Posted on Wednesday 14 July 2010

i really like teaching teenagers. teenage girls, especially. i first had this experience at Tyler (when i was barely out of my teens myself) when i taught the Weekend Workshop class, a Sunday morning (yes, Sunday morning) pre-college type class where i taught ceramics to a small group of somnolent teenagers. in between chasing them across campus and making them PUT OUT THAT JOINT AND COME BACK TO CLASS, i had a lot of fun.

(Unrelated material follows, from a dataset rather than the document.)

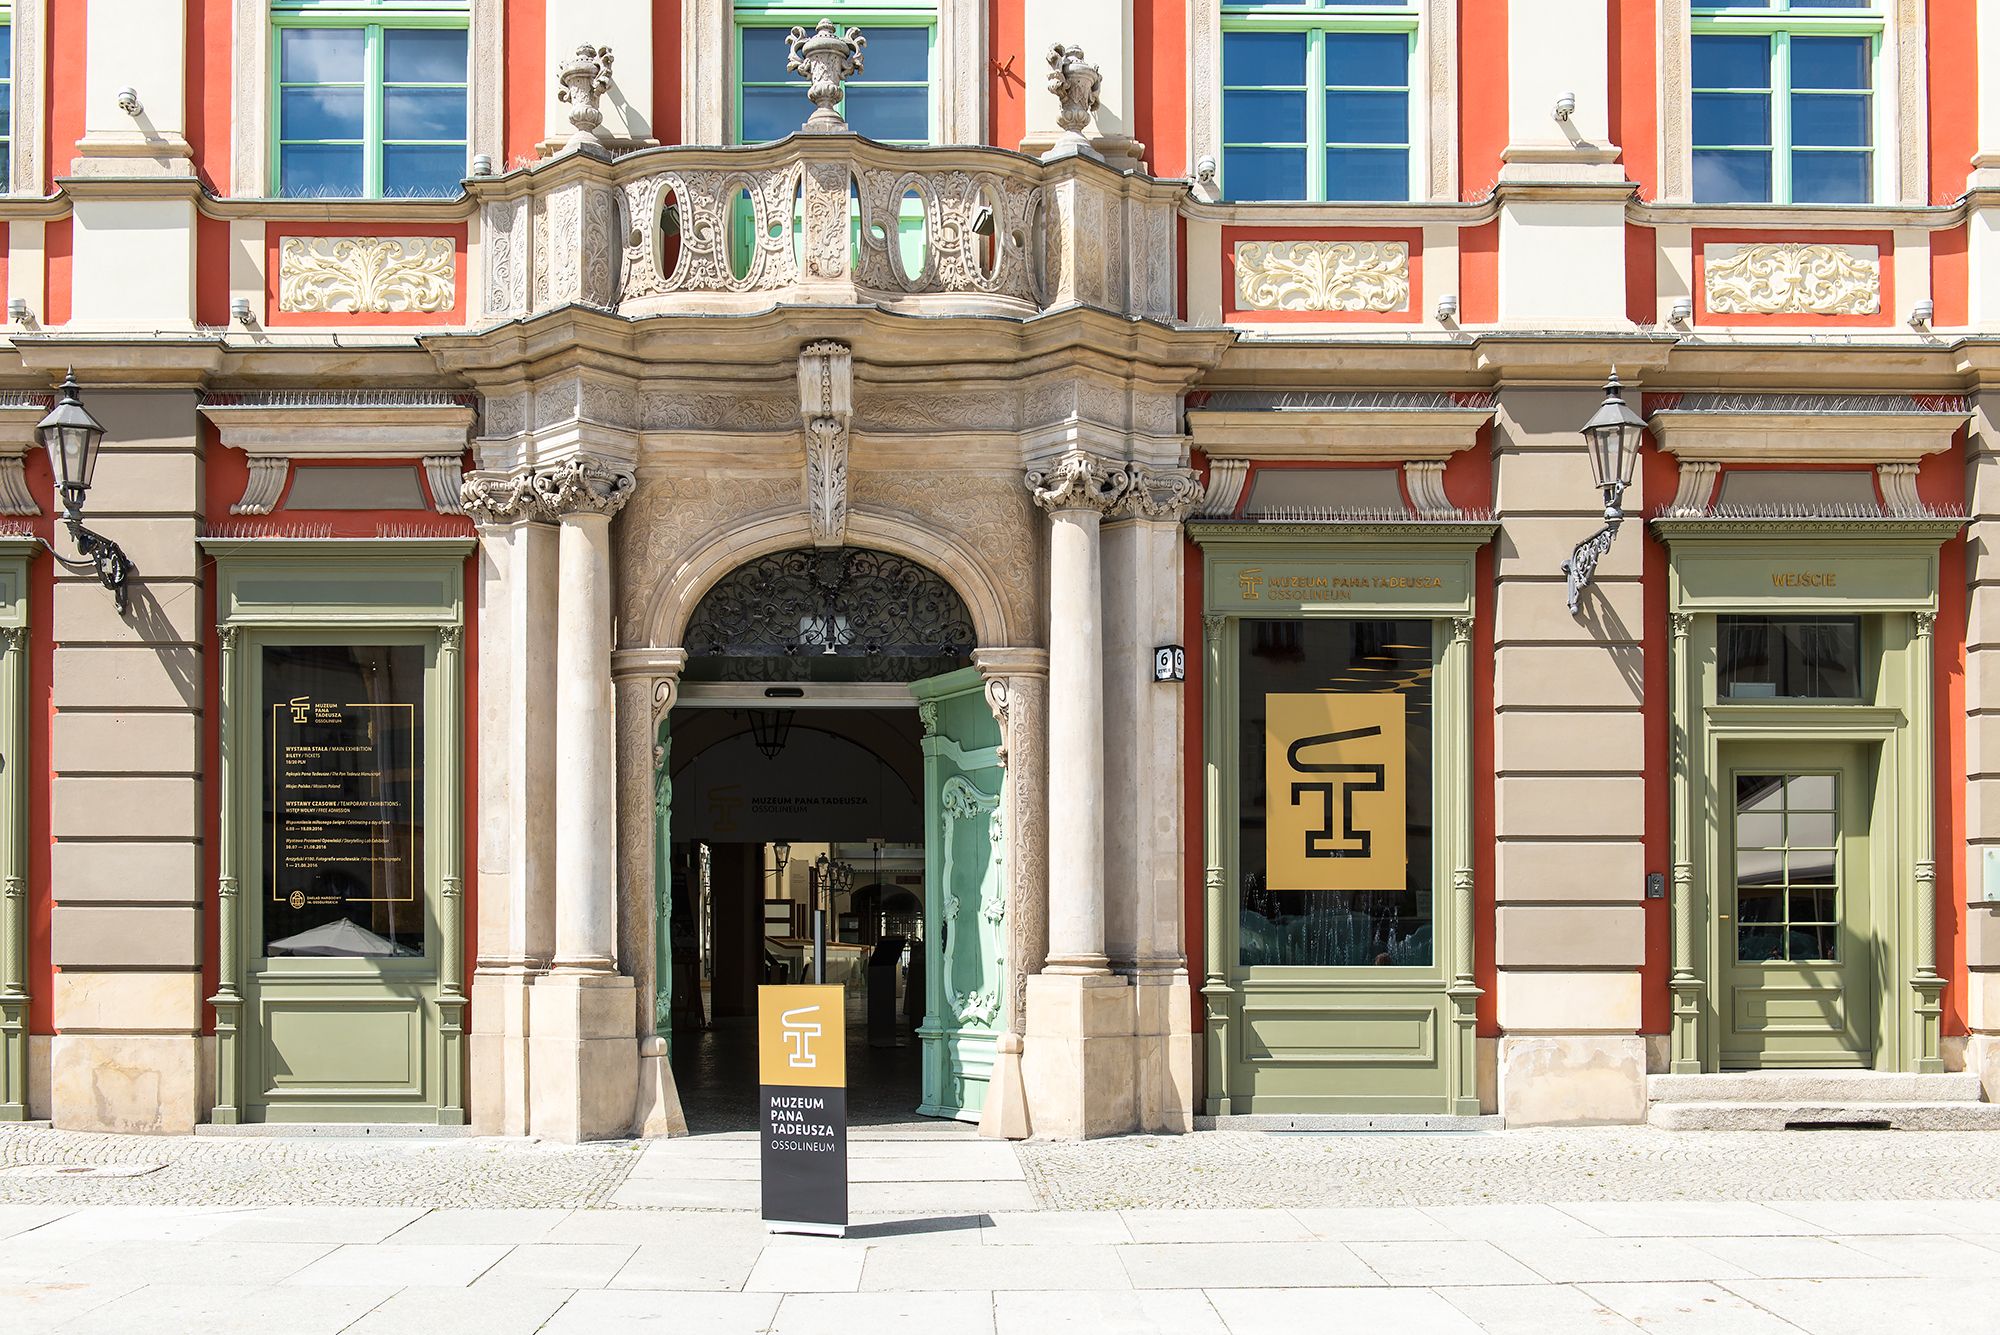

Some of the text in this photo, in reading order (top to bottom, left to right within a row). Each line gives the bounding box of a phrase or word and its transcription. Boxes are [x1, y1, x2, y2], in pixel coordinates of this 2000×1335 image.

so here on Nantucket i am teaching a teen class on reconstructed fashion. this has been a recent passion of mine, after finally giving up on regular stores actually stocking clothing that fits me and is fashionable at a reasonable price, i said fuck it, and started to make my own clothes and accessories. so i am trying to impart my clothing and fashion wisdom (as it were) to a small group somnolent teenagers, once again.

there is an informal teen intern program at the school that allows them to take a class for free if they assist with another class. i had met one of the interns two weeks before. she was sixteen, drop dead gorgeous, and incredibly intelligent and articulate, but intelligent and articulate in that pandering way that teenagers have toward adults. i suspect she has spent her life being told how wonderfully interesting and precocious she is (this is Nantucket, after all). alarm bells went off in my head as soon as i met her. we talked for a bit, mostly about photography, which she was really interested in. i have to say i admired her passion for it. no doubt her parents were planning private lessons with Annie Leibowitz or some such.

anyway, on Tuesday she showed up a few minutes before my teen fashion class started, and sullenly informed me that she was my assistant. i welcomed her but told her that given that most of the students in the class were right around her age, i probably wouldn’t need too much help, but she was welcome to stay and do the projects.

well, i can’t say why, but it was like a switch had turned off. as i taught the class, she sat sullenly, idly flipping through her Blackberry, sometimes giving me these insane crazy looks that were a combination of apathy, pity and contempt. i was crazy intimidated. by a sixteen year old girl. i couldn’t help but think that if i was 16 and we went to same high school, she would have eaten me alive.

she came to the opening at the school the next day, turning on the charm and the confidence around the adults as usual. i watched, fascinated. my social anxiety kicked in, i did everything i could to stay out of her path while still observing her interactions. of course, everyone here loves her. they think she’s brilliant. why wouldn’t they? she is. but i get it. the pissed off angry sixteen year old still lurking inside me gets it. i know girls like this. they don’t have to DO anything. in the hyper-charged world of teenage girls, all it takes is a look, a word, a well-placed roll of the eyes to do incredible damage.

she makes Regina George look like Mother freaking Theresa.